* _ASSIGNMENT_:
Please retype the data below line for line and leave out every picture.

* _EXERCISE INPUT_:

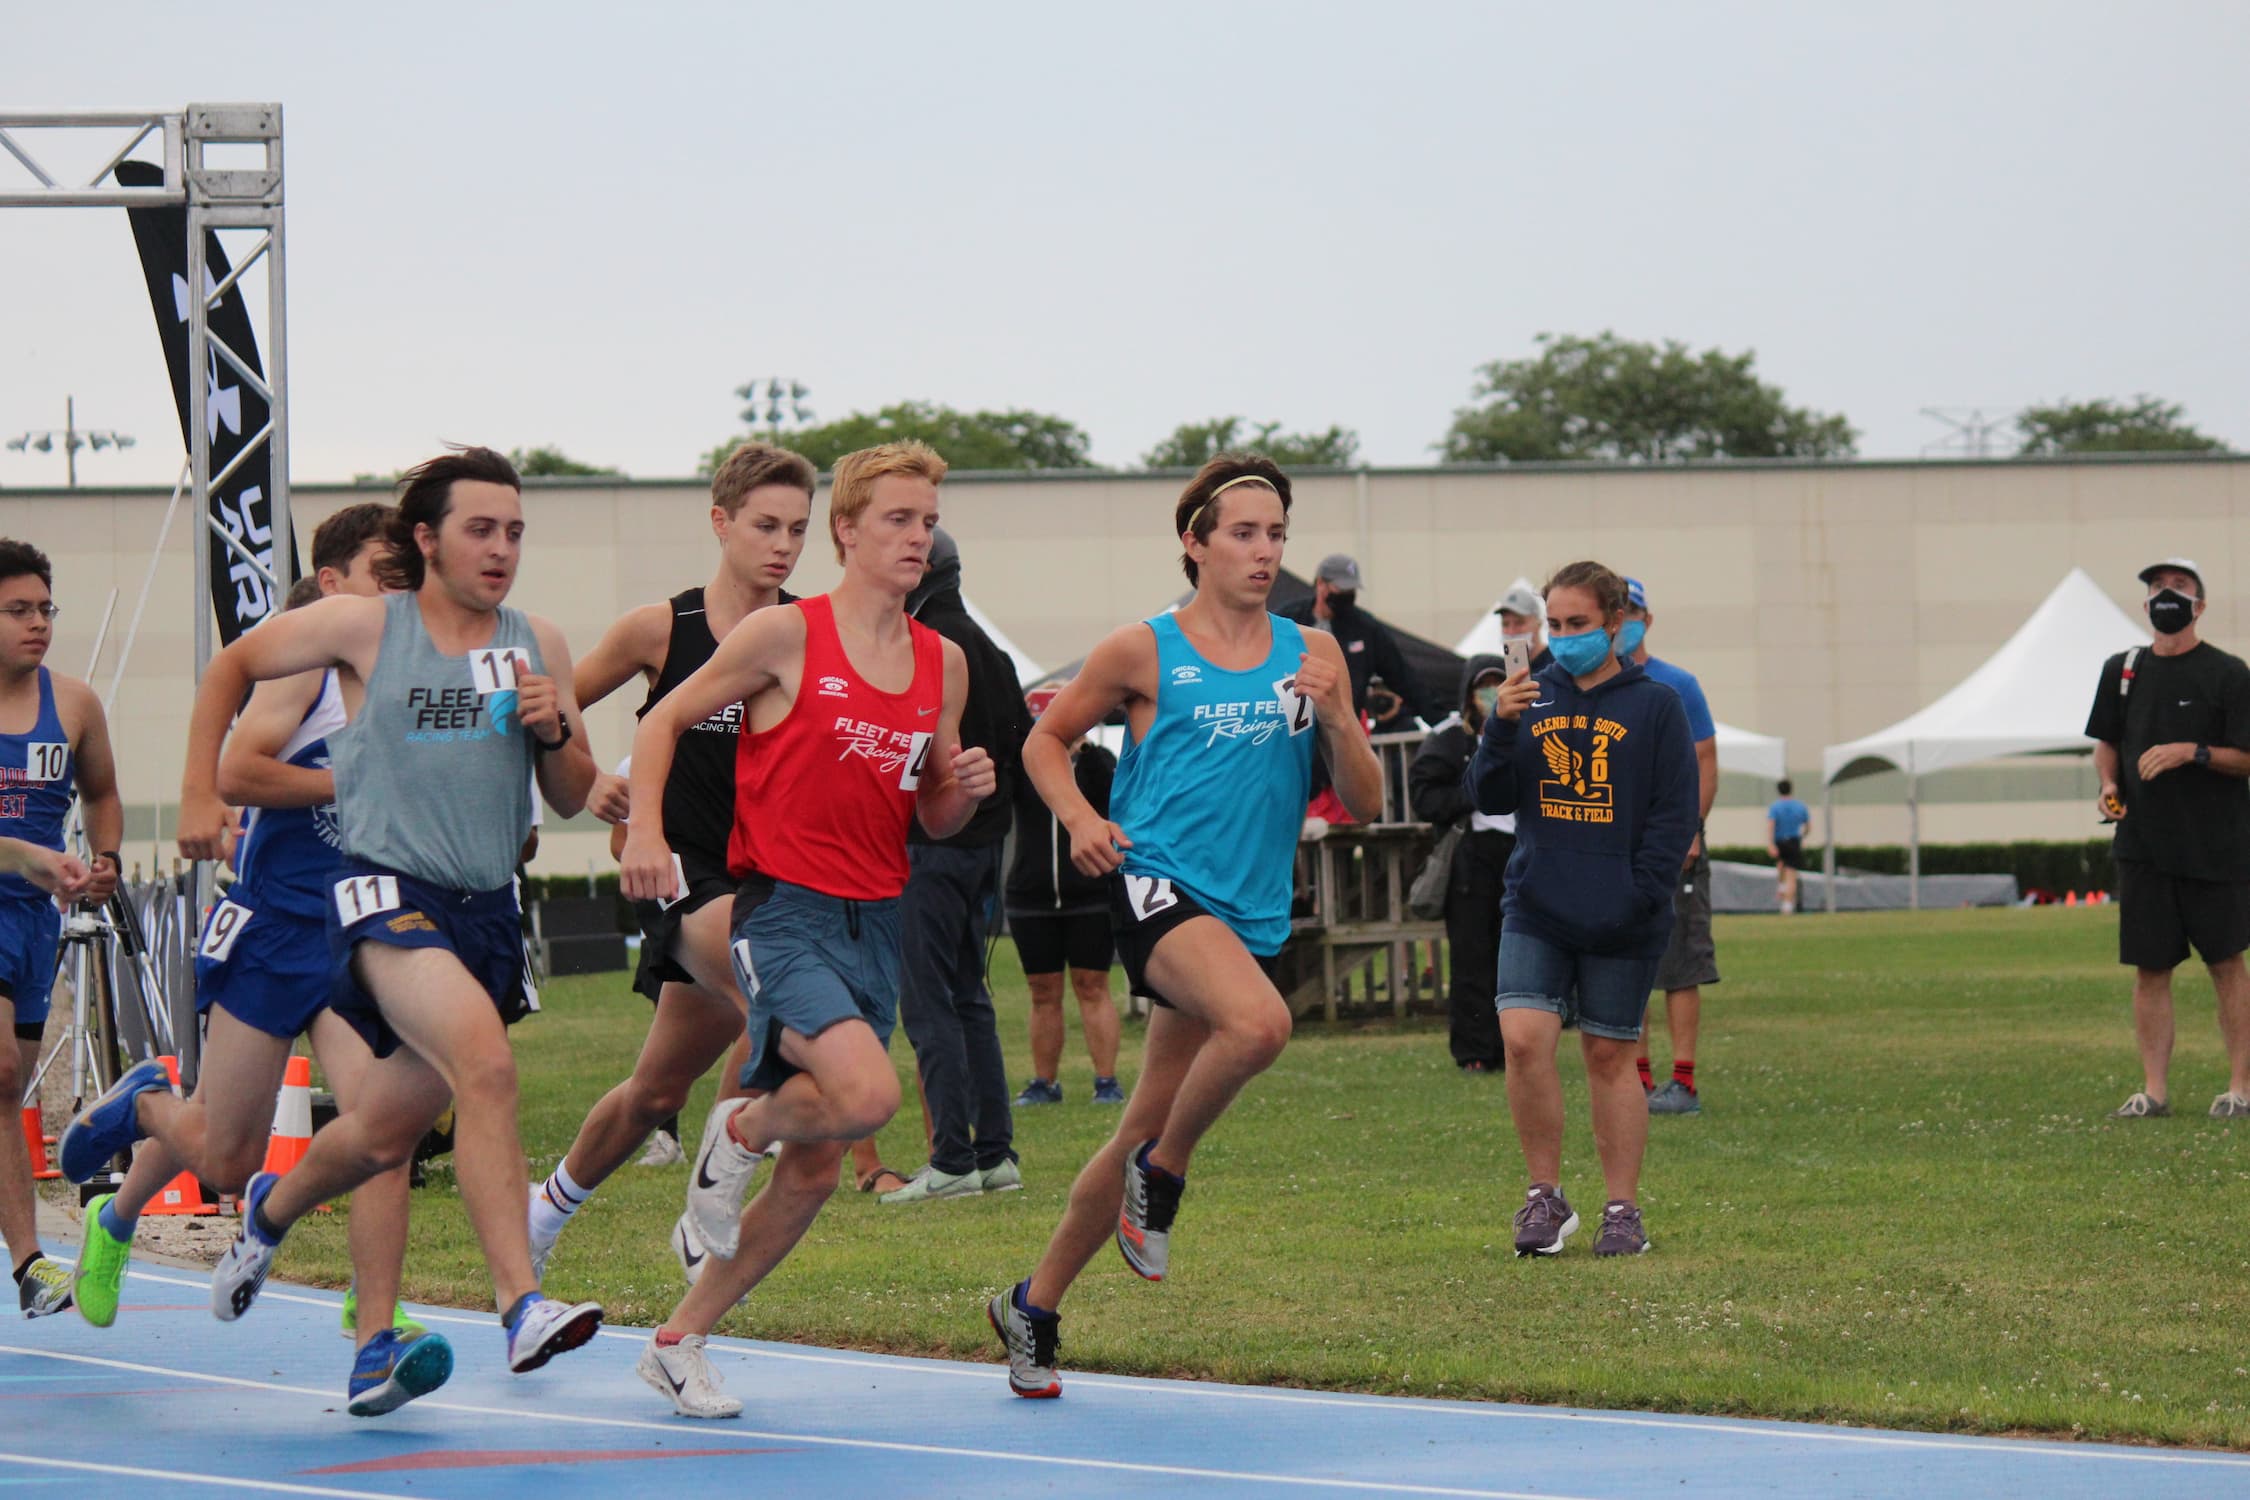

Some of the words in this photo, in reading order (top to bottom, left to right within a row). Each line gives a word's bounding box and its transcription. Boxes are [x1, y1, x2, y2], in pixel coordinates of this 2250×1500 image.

[481, 650, 519, 688] 11
[417, 706, 484, 729] FEET
[1193, 702, 1250, 720] FLEET
[1282, 680, 1310, 732] 2
[405, 731, 454, 744] RACING
[834, 716, 889, 741] FLEET
[1198, 717, 1288, 749] Racing
[1593, 717, 1628, 742] SOUTH
[36, 745, 64, 779] 10
[836, 736, 909, 773] Racing
[1541, 804, 1574, 820] TRACK
[1574, 807, 1583, 821] &
[1584, 807, 1614, 823] FIELD
[344, 876, 384, 917] 11
[1135, 876, 1169, 914] 2
[206, 906, 240, 954] 9

* _REPLY TO THE EXERCISE_:
Some of the words in this photo, in reading order (top to bottom, left to right within a row). Each line gives a word's bounding box and its transcription. Boxes are [x1, y1, x2, y2], in pixel coordinates of this 2250×1500 image.

[481, 650, 519, 688] 11
[417, 706, 484, 729] FEET
[1193, 702, 1250, 720] FLEET
[1282, 680, 1310, 732] 2
[405, 731, 454, 744] RACING
[834, 716, 889, 741] FLEET
[1198, 717, 1288, 749] Racing
[1593, 717, 1628, 742] SOUTH
[36, 745, 64, 779] 10
[836, 736, 909, 773] Racing
[1541, 804, 1574, 820] TRACK
[1574, 807, 1583, 821] &
[1584, 807, 1614, 823] FIELD
[344, 876, 384, 917] 11
[1135, 876, 1169, 914] 2
[206, 906, 240, 954] 9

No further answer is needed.